### What this task involves
Your answer must be the records below, repeated exactly, with every picture left out.

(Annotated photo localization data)
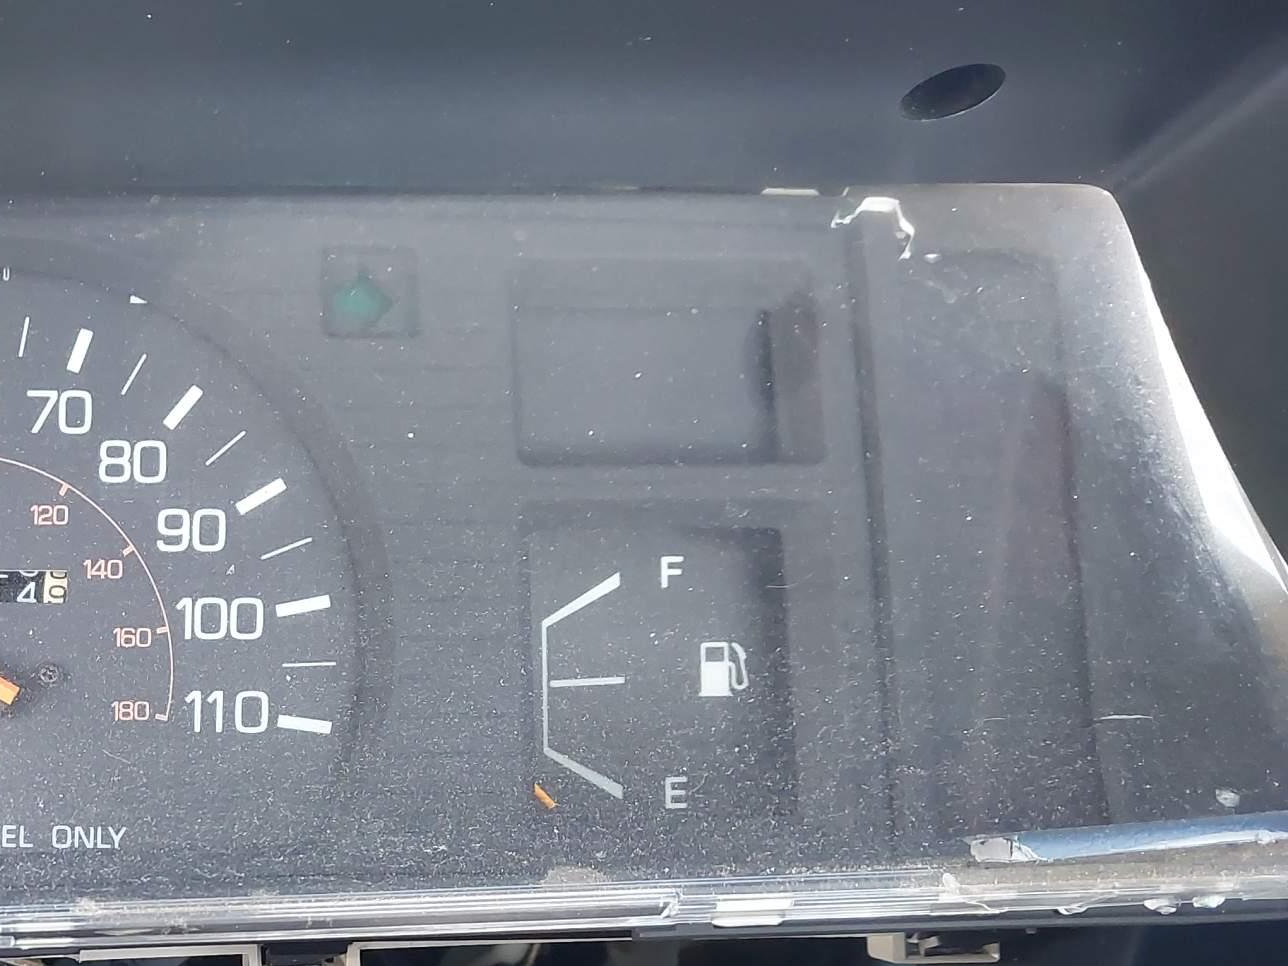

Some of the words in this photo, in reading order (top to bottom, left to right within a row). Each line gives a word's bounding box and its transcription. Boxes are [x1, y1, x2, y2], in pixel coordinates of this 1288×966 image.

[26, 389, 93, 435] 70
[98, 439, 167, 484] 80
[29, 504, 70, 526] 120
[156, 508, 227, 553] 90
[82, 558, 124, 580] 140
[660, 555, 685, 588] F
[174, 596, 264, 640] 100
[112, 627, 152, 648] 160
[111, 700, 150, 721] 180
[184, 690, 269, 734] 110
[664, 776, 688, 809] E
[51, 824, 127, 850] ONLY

### Solved problem
Some of the words in this photo, in reading order (top to bottom, left to right within a row). Each line gives a word's bounding box and its transcription. Boxes are [x1, y1, x2, y2], in pixel coordinates of this 1288×966 image.

[26, 389, 93, 435] 70
[98, 439, 167, 484] 80
[29, 504, 70, 526] 120
[156, 508, 227, 553] 90
[82, 558, 124, 580] 140
[660, 555, 685, 588] F
[174, 596, 264, 640] 100
[112, 627, 152, 648] 160
[111, 700, 150, 721] 180
[184, 690, 269, 734] 110
[664, 776, 688, 809] E
[51, 824, 127, 850] ONLY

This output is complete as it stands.